Mikhail Polubaryev, a student at the Russian Technological University (RTU MIREA), has built a pilot AI model for forecasting demand in the pharmaceutical market. The hybrid approach combines gradient boosting for short‑term forecasts (one month) and neural networks with direct multi‑step forecasting for medium‑term planning (a quarter). This combination enables adaptation to Russia’s volatile pharmaceutical market, where traditional methods often fail, RTU MIREA said in a press release.
Russia’s drug market is highly volatile, with frequent launches of new generics that lack historical sales data.
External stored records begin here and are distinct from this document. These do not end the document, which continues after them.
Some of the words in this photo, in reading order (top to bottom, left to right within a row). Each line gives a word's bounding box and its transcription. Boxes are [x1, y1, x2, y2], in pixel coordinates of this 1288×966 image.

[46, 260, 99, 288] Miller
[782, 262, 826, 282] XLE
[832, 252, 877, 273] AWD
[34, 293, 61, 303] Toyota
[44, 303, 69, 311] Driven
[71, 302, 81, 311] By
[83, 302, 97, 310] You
Under these conditions, traditional methods accumulate critical errors by the third month, making them unsuitable for inventory management. This is why a hybrid approach combining both methods proves more reliable for supply planning.
Gradient boosting ensembles performed well for one‑month forecasts, with a WMAPE error of 16‑17%. However, when extending the forecast to a full quarter, the error grew to 23‑26% by the third month.
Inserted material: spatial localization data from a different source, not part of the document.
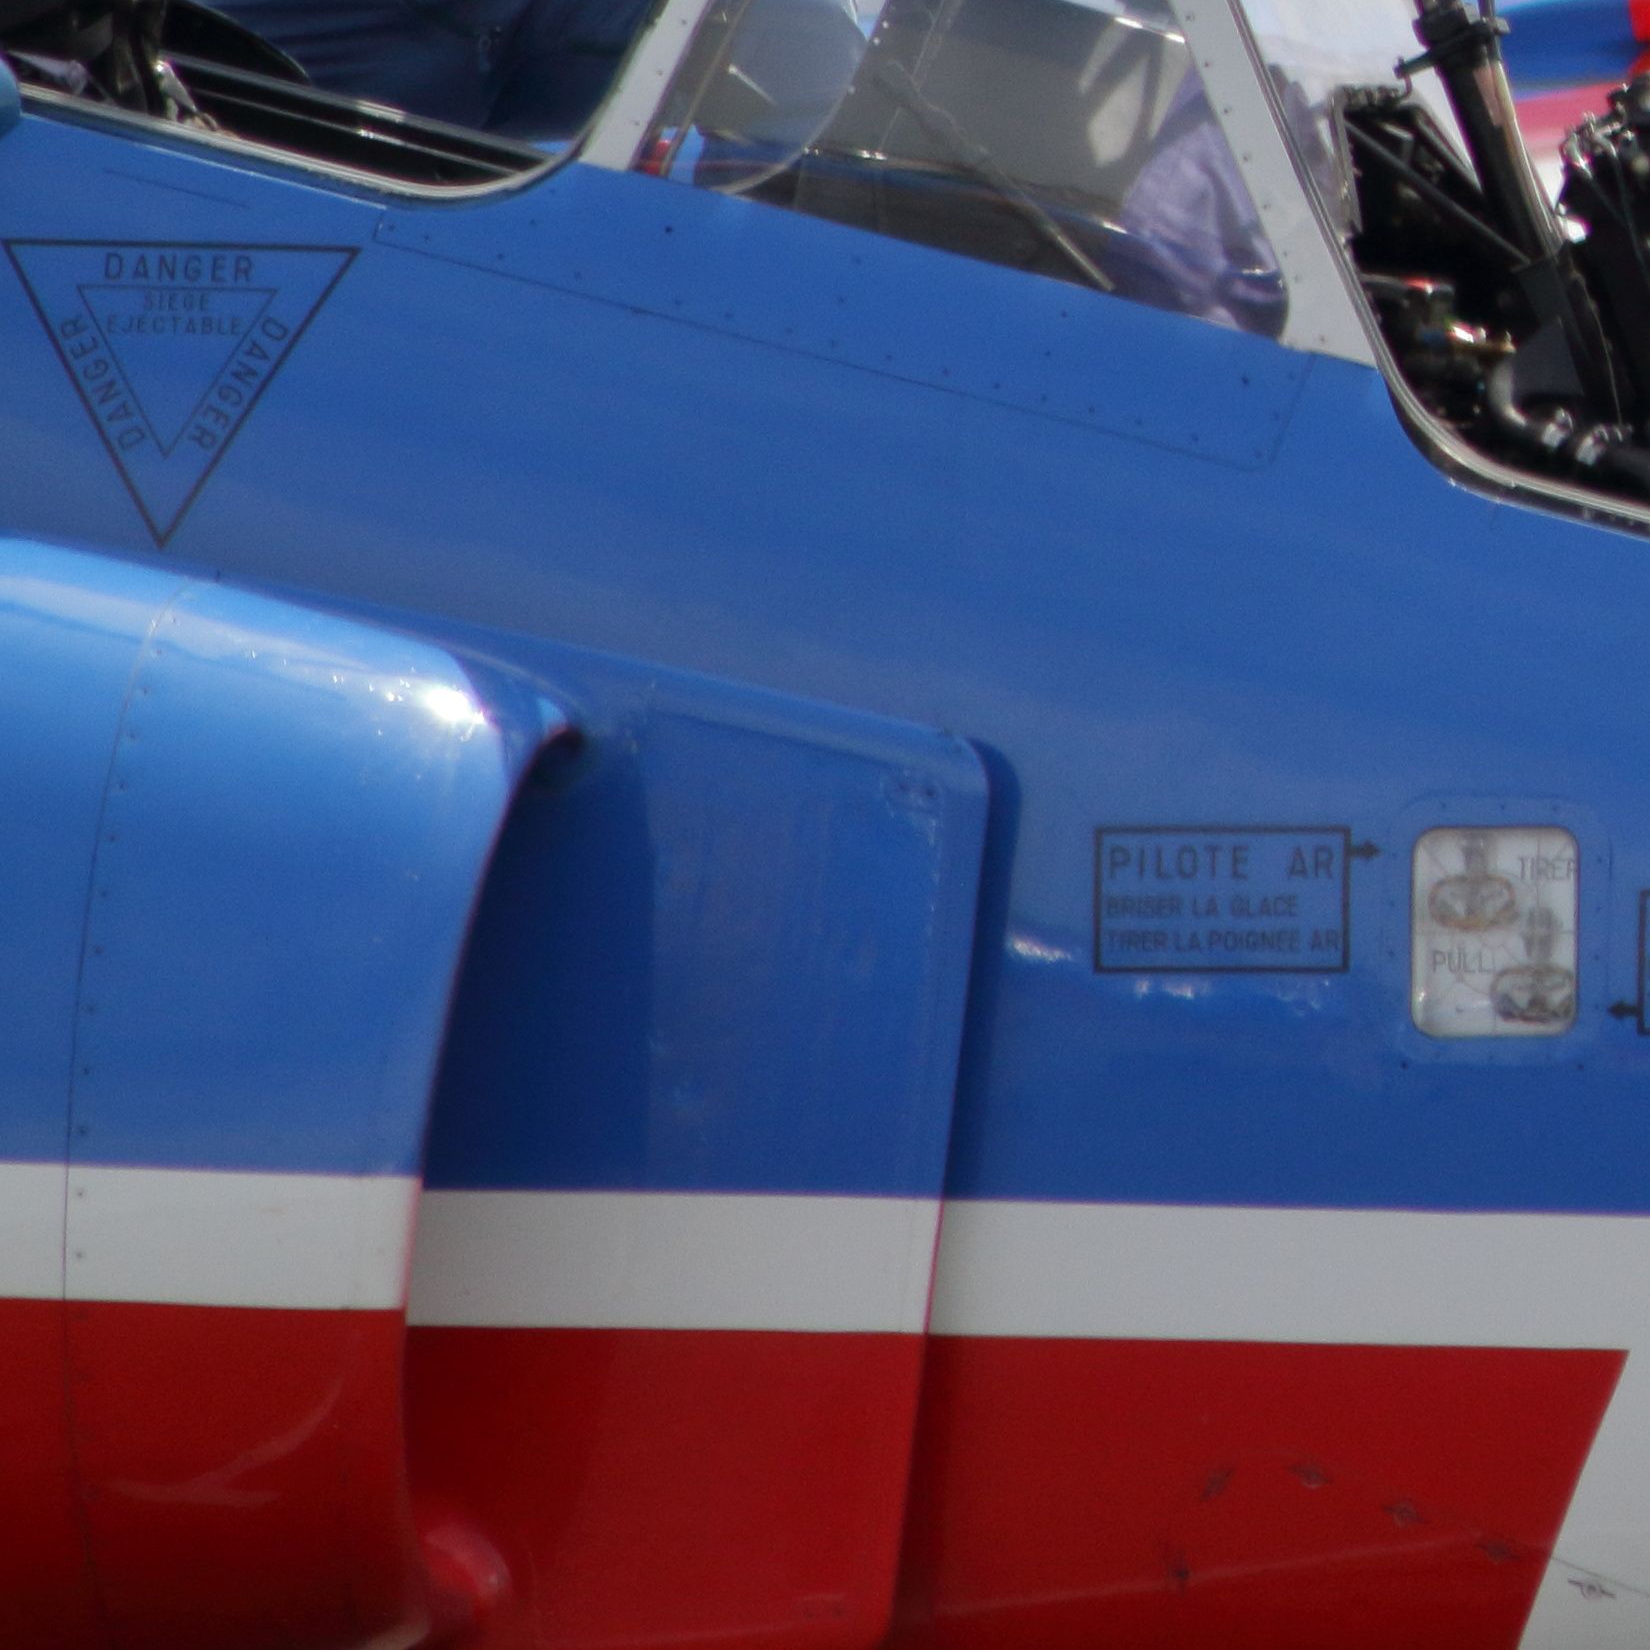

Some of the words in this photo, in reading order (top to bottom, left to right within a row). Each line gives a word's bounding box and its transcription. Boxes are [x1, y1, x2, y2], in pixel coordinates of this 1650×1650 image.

[103, 252, 254, 283] DANGER
[107, 314, 242, 336] EJECTABLE
[60, 312, 146, 451] DANGER
[189, 316, 290, 451] DANGER
[1108, 845, 1249, 880] PILOTE
[1287, 845, 1335, 880] AR
[1106, 895, 1181, 918] BRISER
[1191, 896, 1219, 918] LA
[1231, 896, 1298, 918] GLACE
[1107, 929, 1169, 952] TIRER
[1175, 929, 1201, 952] LA
[1209, 929, 1300, 952] POIGNEE
[1310, 929, 1342, 952] AR
Polubaryev then deployed neural networks with direct multi‑step forecasting, which produced more stable results without a sharp rise in errors. This led to an adaptive strategy: boosting ensembles with custom feature tuning for short‑term horizons, and drift‑resistant neural networks for medium‑term planning.
The project’s academic supervisor, Professor Andrey Gorshenin, said the architecture is ready for integration into drugmakers’ ERP systems. It includes logarithmic variance stabilisation, cyclical encoding of timestamps and blocked cross‑validation – a set of tools essential for industrial deployment.
One Russian pharmaceutical company has already expressed interest in the model.
Earlier, US and Chinese bioinformaticians developed an AI model that can predict whether a patient will benefit from immunotherapy based on gene activity data and tumour histological characteristics.